1.robots.txt的基本语法结构##

user-Agent:  <!--指明适用的爬虫名称,若为*，表示所有robots-->
allow:    <!--后跟允许采集的目录或网页-->
Disallow:    <!--后跟禁止采集的目录或网页-->

举个栗子：
允许任何爬虫访问网站任何网页

user-Agent:*
Disallow:

禁止任何爬虫访问网站任何网页

user-Agent:*
Disallow: /

针对某个爬虫

 User-agent:  Baiduspider  
 Allow:  /article        
 Allow:  /oshtml 
 Allow:  /wenzhang
 Disallow:  /product/ 
 Disallow:  /  <!--除上面允许访问的部分，其他部分均不开放访问-->

 User-agent:  Baiduspider  
 Allow:  

 User-agent: *
 Disallow:  /  <!--只允许Baiduspider访问-->

2.robots的<meta>标签##

将robots内容写到HTML头部，告诉爬虫如何处理该页内容。由两部分组成：

name=”robots”表示所有的搜索引擎，可以针对某个具体搜索引擎写为name=”Baiduspider”。
content部分有四个指令选项：index、noindex、follow、nofollow，指令间以“,”分隔。
index 指令告诉搜索机器人抓取该页面；
follow 指令表示搜索机器人可以沿着该页面上的链接继续抓取下去；
robots meta标签的缺省值是index和follow，只有inktomi除外，对于它，缺省值是index,nofollow。

来源：如何使用robots.txt及其详解

举个栗子：

<html>
<head>
  <title>Page</title>
  <meta name="robots" content="index,follow"/><!--或者写成<meta name="robots" content="ALL"/>-->
  <!--<meta name="robots" content="noindex,follow"/>-->
  <!--<meta name="robots" content="index,nofollow"/>-->
  <!--<meta name="robots" content="noindex,nofollow"/>或者写成<meta name="robots" content="NONE"/>-->
</head>
<body>
  hello
</body>
</html>

3.使用robots.txt##

robots.txt是一个文本文件。

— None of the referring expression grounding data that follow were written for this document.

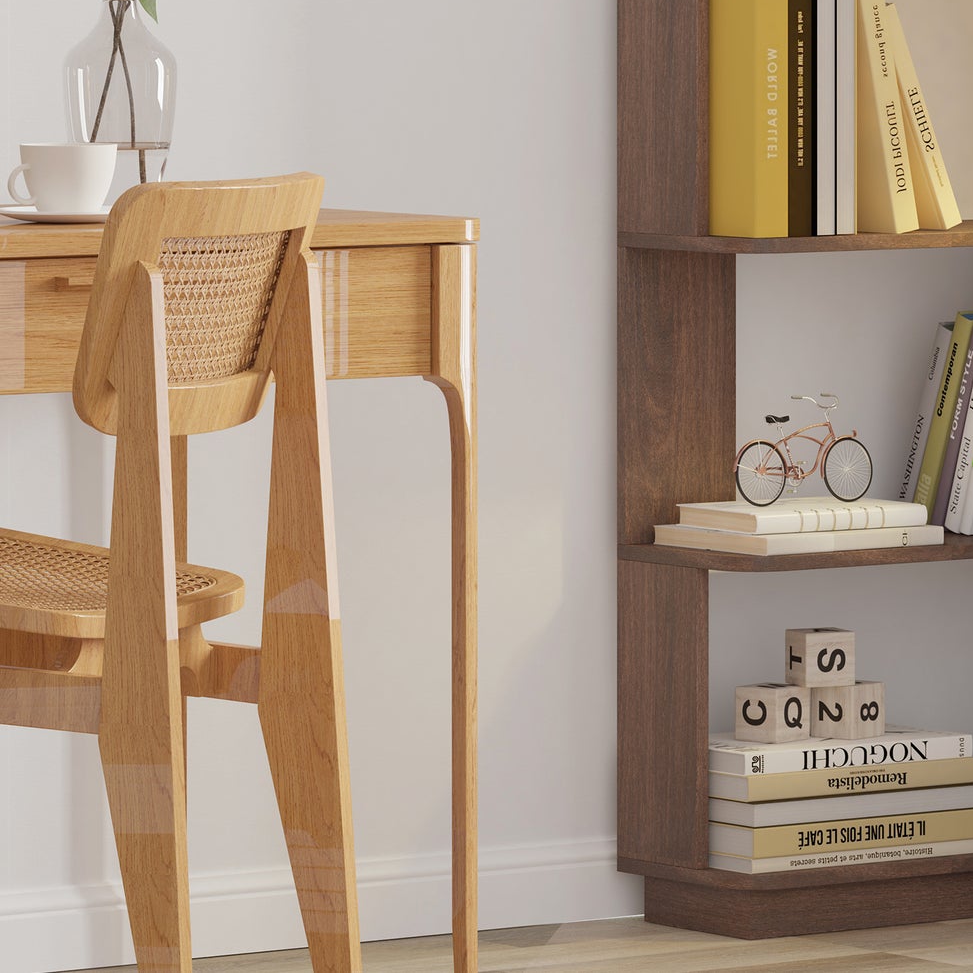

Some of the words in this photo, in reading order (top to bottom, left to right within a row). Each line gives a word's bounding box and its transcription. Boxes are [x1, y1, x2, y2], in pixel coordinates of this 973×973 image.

[928, 346, 940, 381] Columbia
[950, 396, 964, 440] FORM
[960, 349, 973, 395] STYLE
[900, 415, 926, 500] WASHINGTON
[950, 483, 962, 514] State
[957, 436, 972, 480] Capital
[817, 648, 846, 672] S
[742, 699, 767, 726] C
[784, 696, 802, 729] Q
[818, 700, 843, 722] 2
[860, 701, 879, 722] 8
[802, 740, 928, 770] NOGUCHI
[828, 772, 907, 790] Remodelista
[826, 828, 838, 844] LE
[841, 826, 862, 843] FOIS
[865, 824, 884, 841] UNE
[887, 822, 914, 840] ÉTAIT
[917, 820, 926, 836] IL
[798, 830, 823, 850] CAFÉ
[790, 858, 815, 866] secrets
[818, 855, 838, 864] petits
[865, 850, 901, 859] botanique,
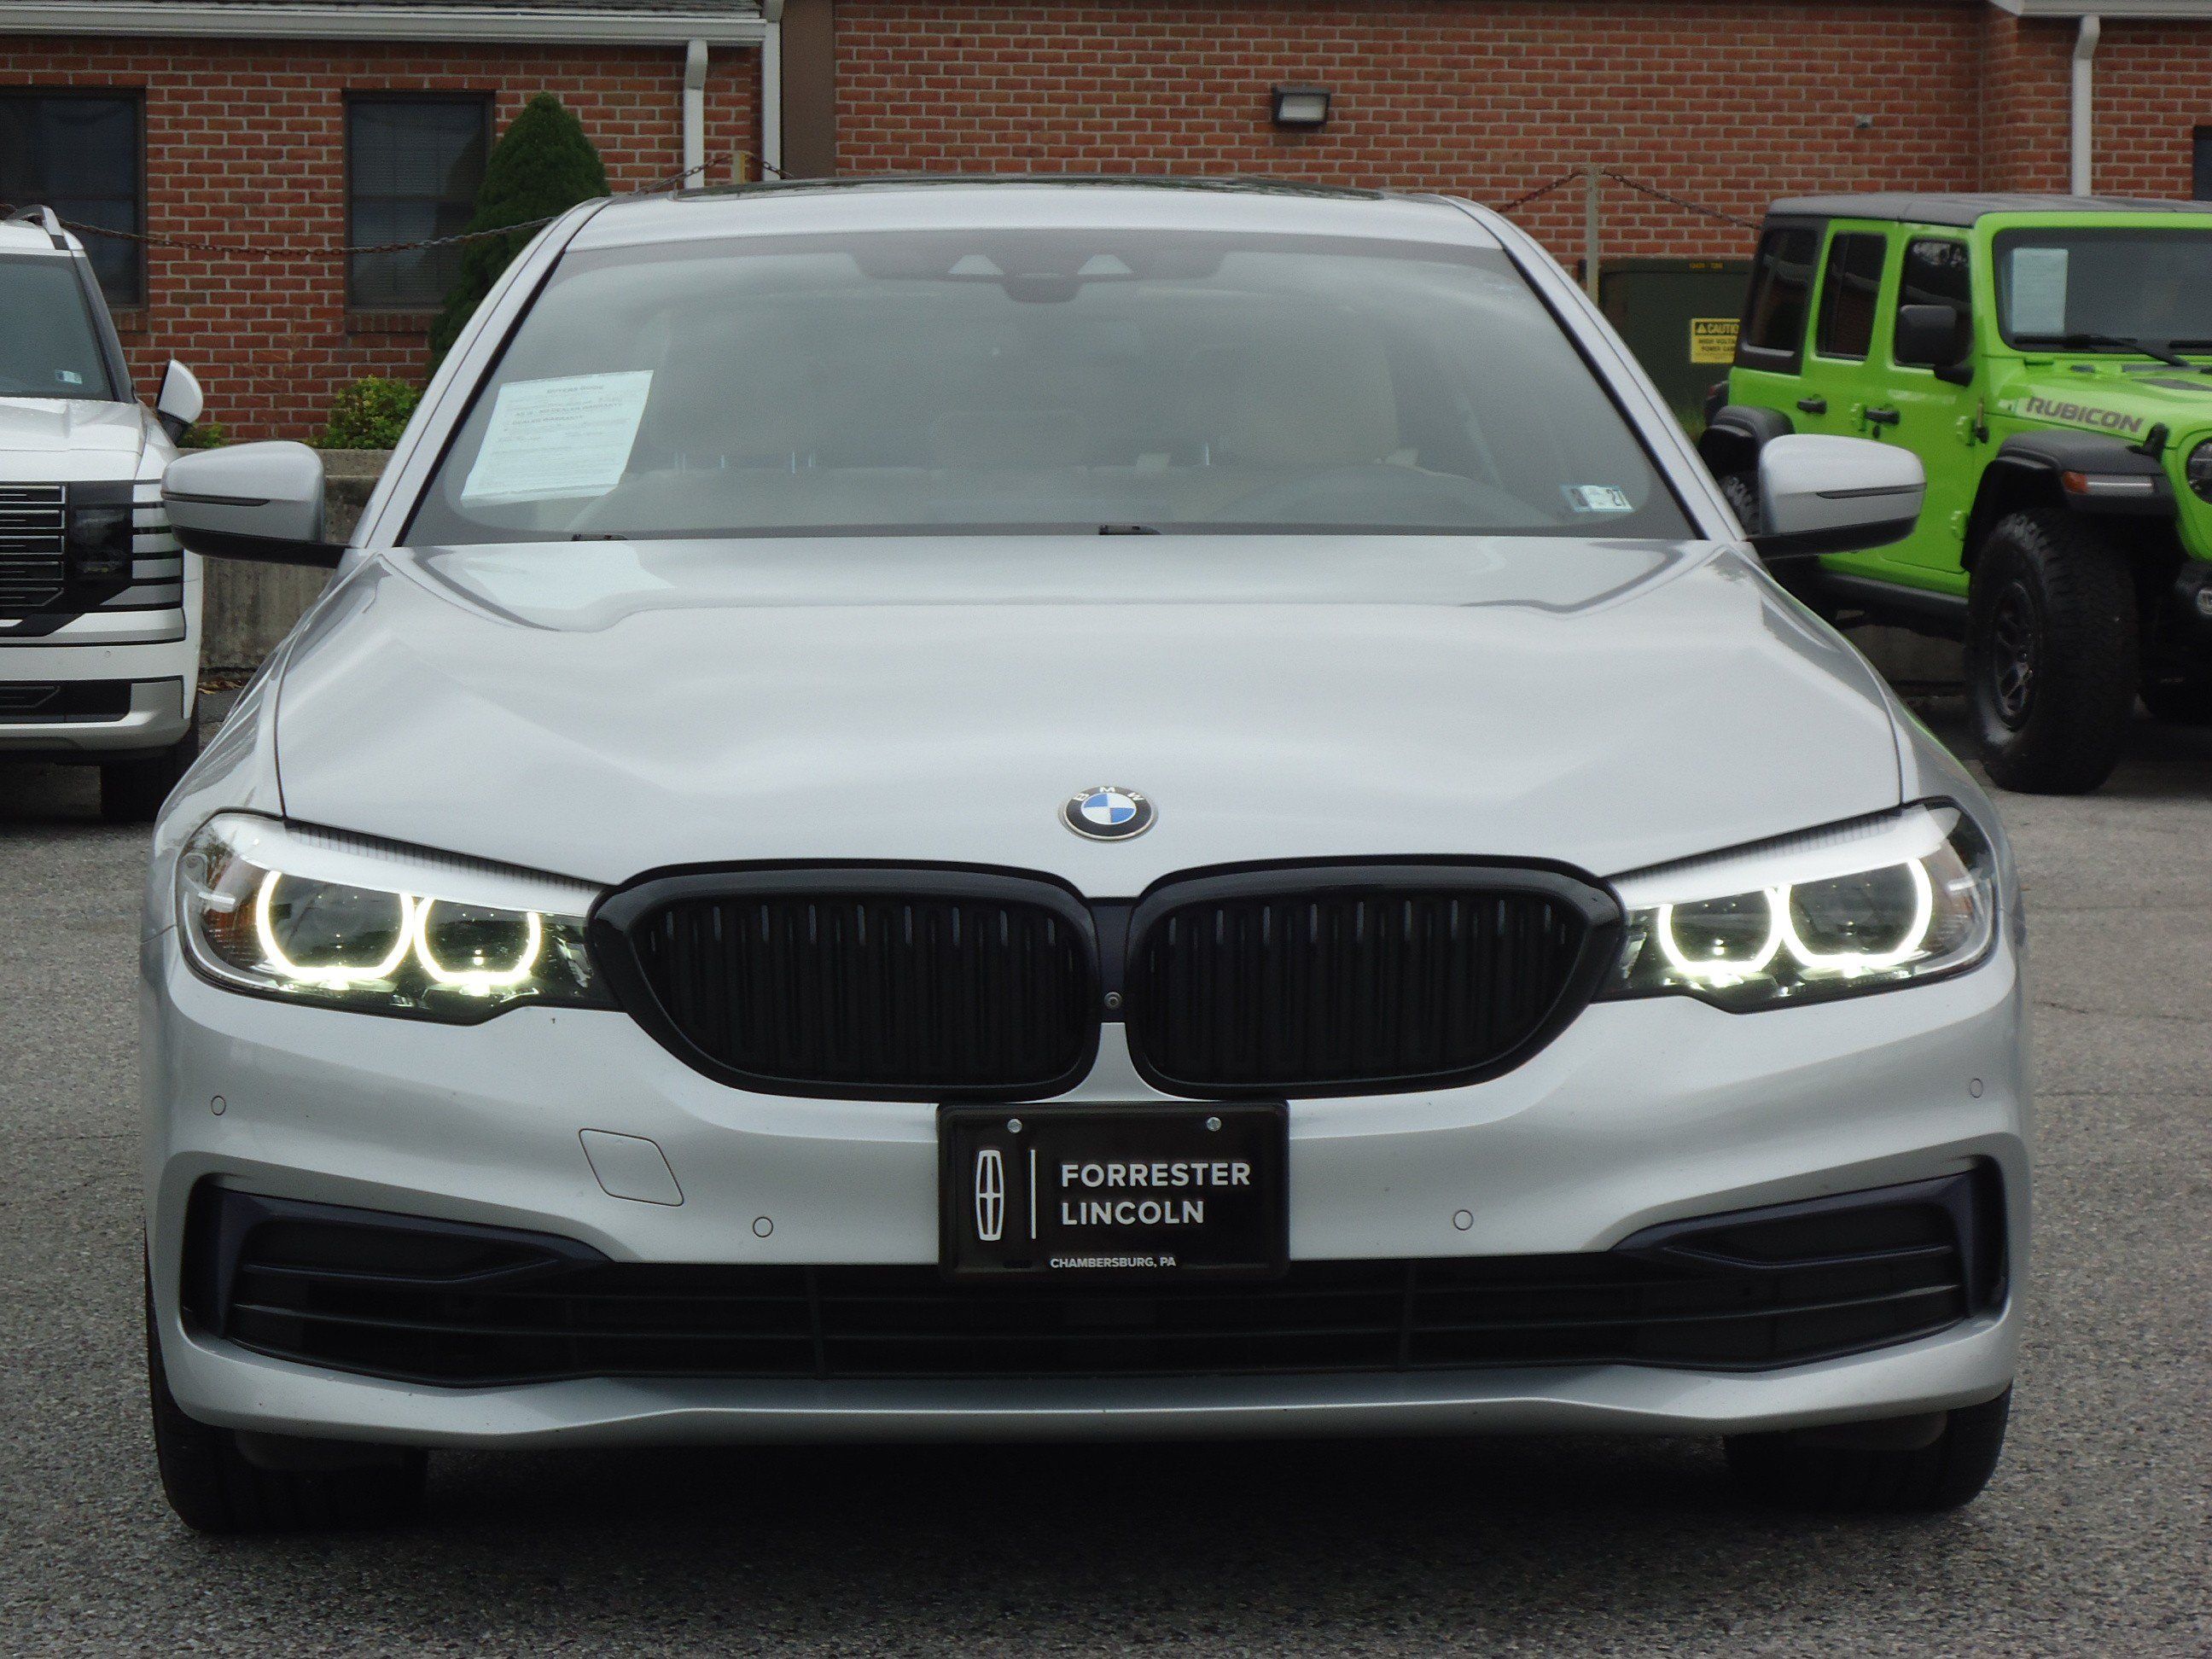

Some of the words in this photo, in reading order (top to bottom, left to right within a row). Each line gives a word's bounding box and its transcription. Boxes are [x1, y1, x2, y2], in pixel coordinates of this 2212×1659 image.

[1708, 323, 1739, 334] CAUTIO
[2026, 396, 2145, 434] RUBICON
[1073, 786, 1144, 802] BMW
[1062, 1161, 1251, 1187] FORRESTER
[1062, 1200, 1204, 1225] LINCOLN
[1050, 1256, 1156, 1269] CHAMBERSBURG,
[1160, 1256, 1177, 1267] PA

它必须位于域名的根目录中并被命名为"robots.txt",文件名必须小写，位于子目录中的 robots.txt 文件无效。

4.对淘宝的robots.txt文件的解读##

淘宝robots.txt

User-agent:  Baiduspider   <!--百度蜘蛛-->
Allow:  /article           <!--允许百度蜘蛛抓取的目录-->
Allow:  /oshtml            <!--/areticle和/oshtml是网站地图下的列表页面，/wenzhang是淘宝头条资讯分享-->
Allow:  /wenzhang
Disallow:  /product/       <!--不允许百度蜘蛛抓取的目录-->
Disallow:  /

User-Agent:  Googlebot     <!--谷歌蜘蛛-->
Allow:  /article
Allow:  /oshtml
Allow:  /product
Allow:  /spu
Allow:  /dianpu
Allow:  /wenzhang
Allow:  /oversea
Disallow:  /               <!--除以上目录，其他目录不允许谷歌蜘蛛抓取-->

User-agent:  Bingbot       <!--必应蜘蛛-->
Allow:  /article
Allow:  /oshtml
Allow:  /product
Allow:  /spu
Allow:  /dianpu
Allow:  /wenzhang
Allow:  /oversea
Disallow:  /

User-Agent:  360Spider     <!--360蜘蛛-->
Allow:  /article
Allow:  /oshtml
Allow:  /wenzhang
Disallow:  /

User-Agent:  Yisouspider   <!--易搜蜘蛛-->
Allow:  /article
Allow:  /oshtml
Allow:  /wenzhang
Disallow:  /

User-Agent:  Sogouspider   <!--搜狗蜘蛛-->
Allow:  /article
Allow:  /oshtml
Allow:  /product
Allow:  /wenzhang
Disallow:  /

User-Agent:  Yahoo!  Slurp<!--雅虎蜘蛛-->
Allow:  /product
Allow:  /spu
Allow:  /dianpu
Allow:  /wenzhang
Allow:  /oversea
Disallow:  /

User-Agent:  *            <!--除了上述的用户代理，其他代理都不允许抓取网站的任何内容-->
Disallow:  /

3.1.从代码中我发现几个特点：###

淘宝从一开始屏蔽搜索引擎抓取，现在向几大搜索引擎开放了部分目录。
对国内搜索引擎只开放了网站地图下的列表界面和分享资讯页面，但对搜狗开放了/product目录。
对国外搜索引擎除上述外，还开放了店铺、产品目录。

3.2.原因分析

淘宝起初屏蔽搜索引擎应该是为了：
掌握用户数据：用户搜索行为和喜好对于淘宝来说具有很高的商业价值，它不想因搜索引擎参与减少这部分数据的来源。
防止竞价排名：如果商品信息能被搜索引擎爬取，那么自然而然会出现竞价排名，有可能会导致客户流失
确保网站流量：屏蔽搜索引擎，使用户只能从淘宝网站进入，不会有流量流失。
现在淘宝开放了部分目录，是为了能在搜索引擎上进行推广，但可以发现淘宝依旧屏蔽了商品相关页面，由此可见，淘宝依然是禁止竞价排名的。
在国内搜索引擎中，唯独对搜狗开放了product目录，应该是因为阿里巴巴是搜狗的投资方，双方达成了合作。淘宝可以通过搜狗搜索引擎进行商品推广，而搜狗也能利用淘宝的提升用户流量。
相较于国内搜索引擎，淘宝对国外搜索引擎更加宽容，应该是为了通过搜索引擎扩展国外业务，发展国外用户。